▶ _ACTIVITY_: An exact copy of the listing below is needed, with no pictures in it.

▶ _EXERCISE MATERIAL_:
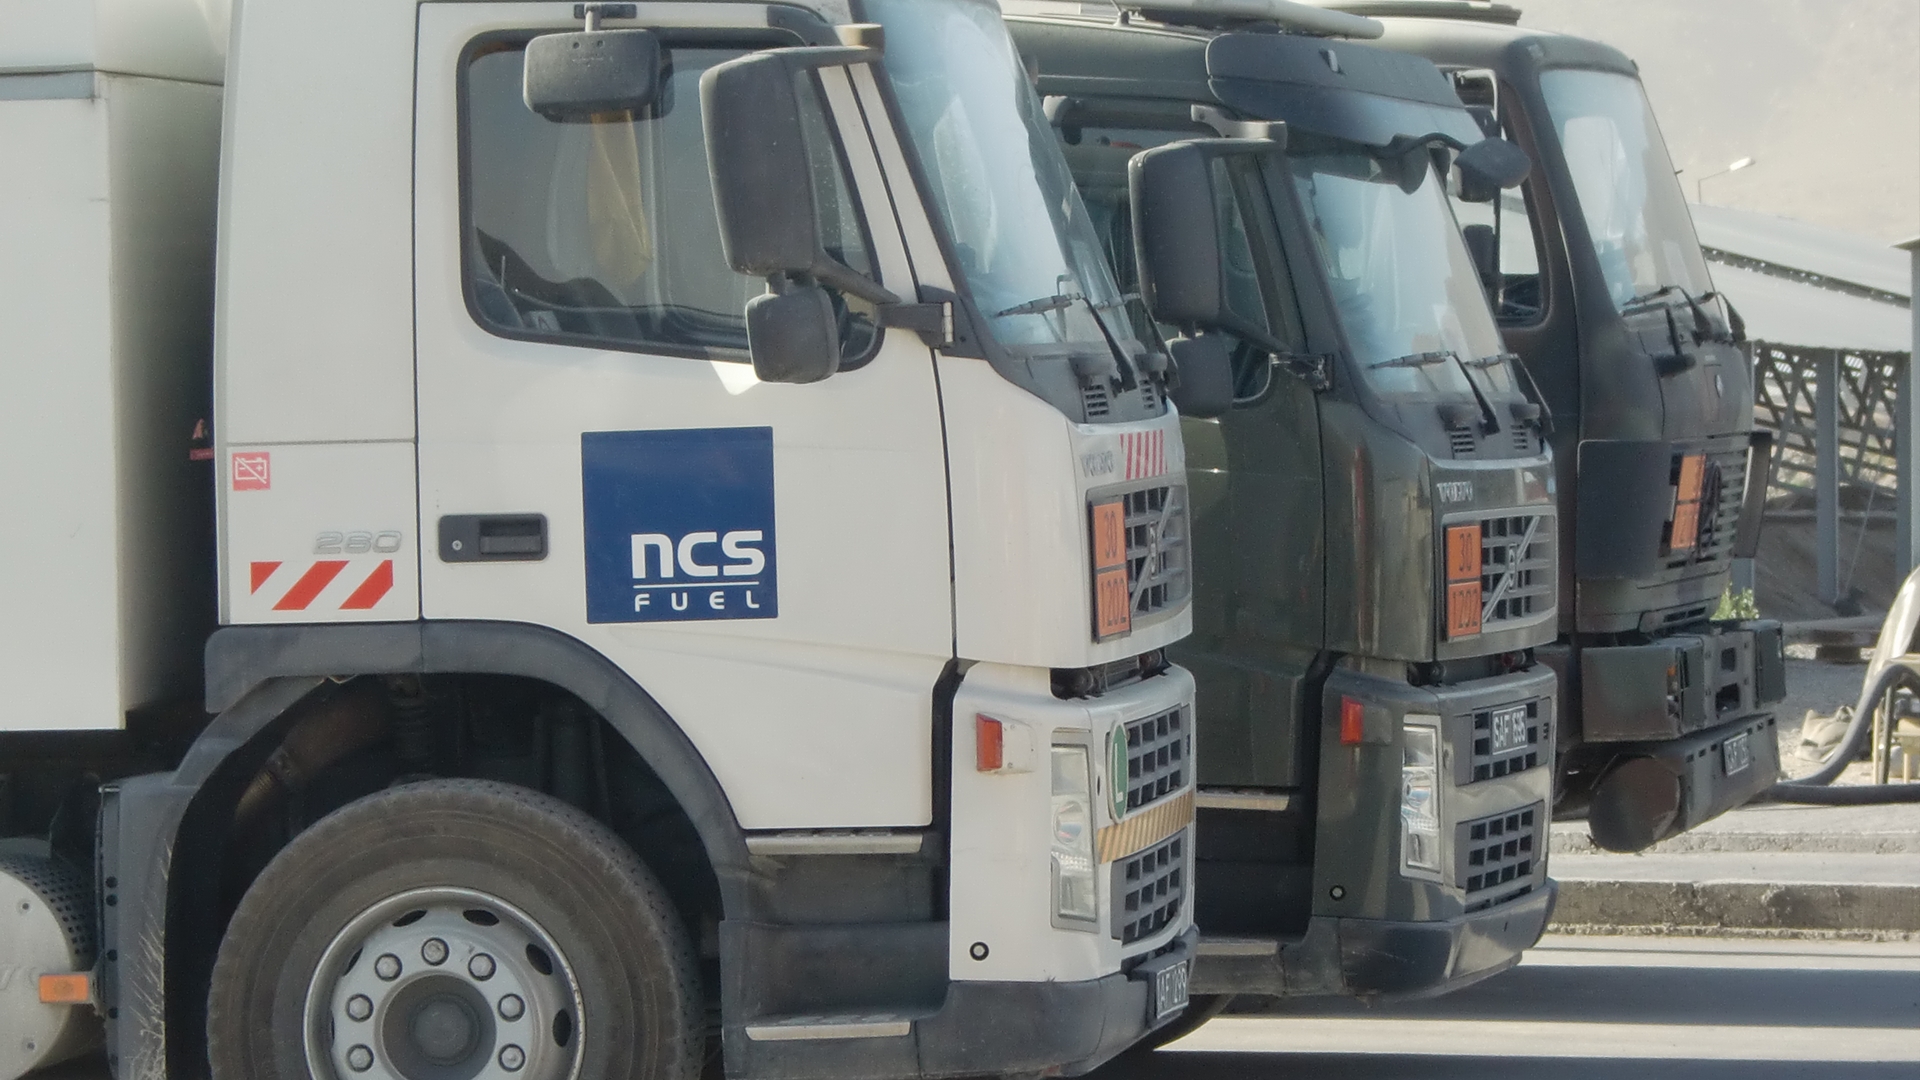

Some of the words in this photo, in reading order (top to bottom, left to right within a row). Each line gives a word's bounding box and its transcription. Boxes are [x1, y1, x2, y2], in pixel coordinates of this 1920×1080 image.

[1458, 532, 1474, 572] 30
[633, 590, 761, 613] FUEL
[1114, 742, 1124, 803] L
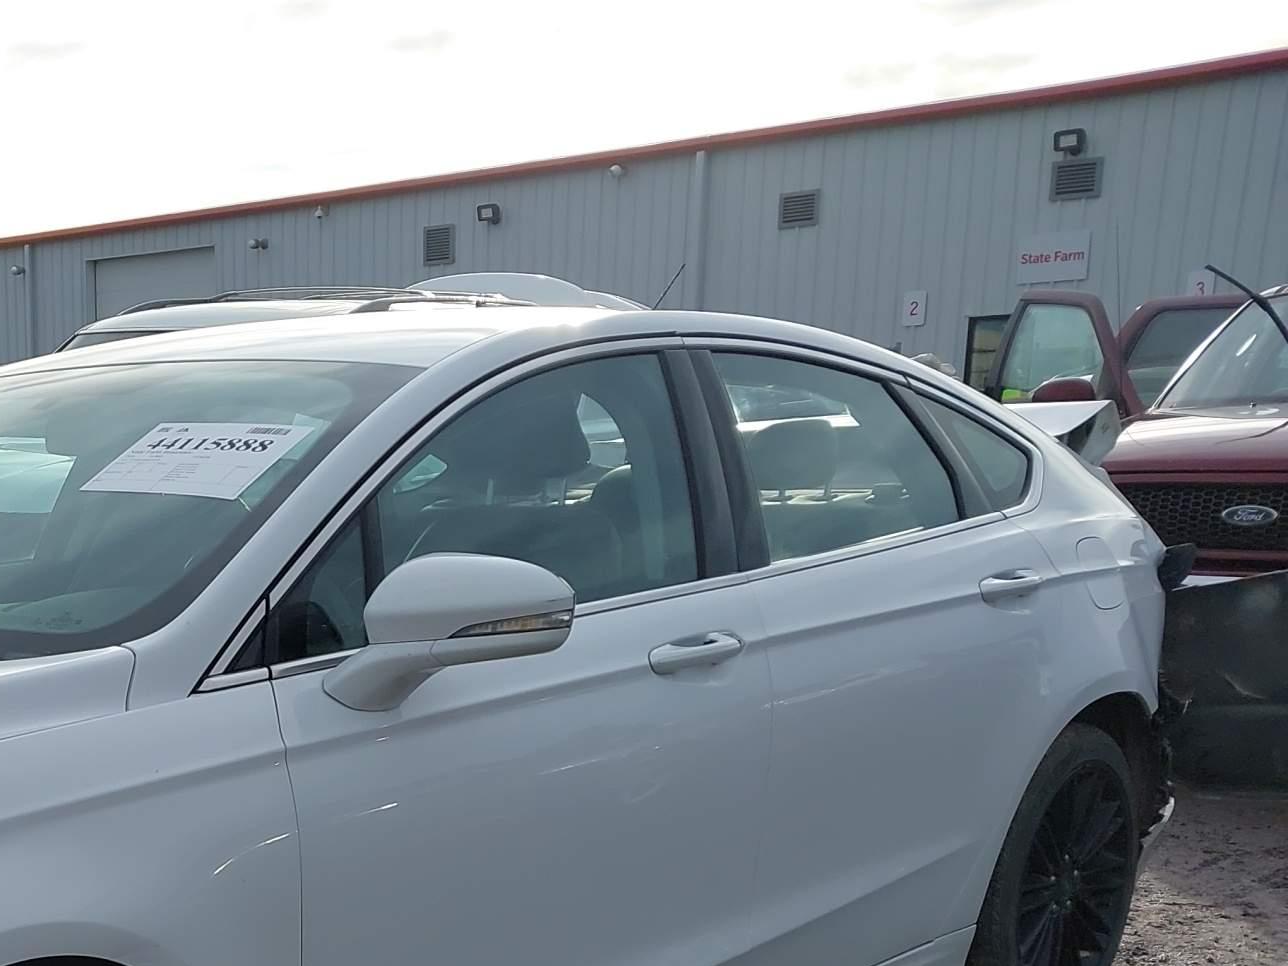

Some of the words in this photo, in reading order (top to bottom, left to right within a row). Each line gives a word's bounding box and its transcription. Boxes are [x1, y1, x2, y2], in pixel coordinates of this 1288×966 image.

▶ _EXERCISE RESULT_:
Some of the words in this photo, in reading order (top to bottom, left to right within a row). Each line gives a word's bounding box and its transcription. Boxes are [x1, y1, x2, y2], in pixel coordinates of this 1920×1080 image.

[1458, 532, 1474, 572] 30
[633, 590, 761, 613] FUEL
[1114, 742, 1124, 803] L

Some of the words in this photo, in reading order (top to bottom, left to right within a row). Each line gives a word's bounding box and its transcription. Boxes are [x1, y1, x2, y2], in pixel coordinates of this 1288×966 image.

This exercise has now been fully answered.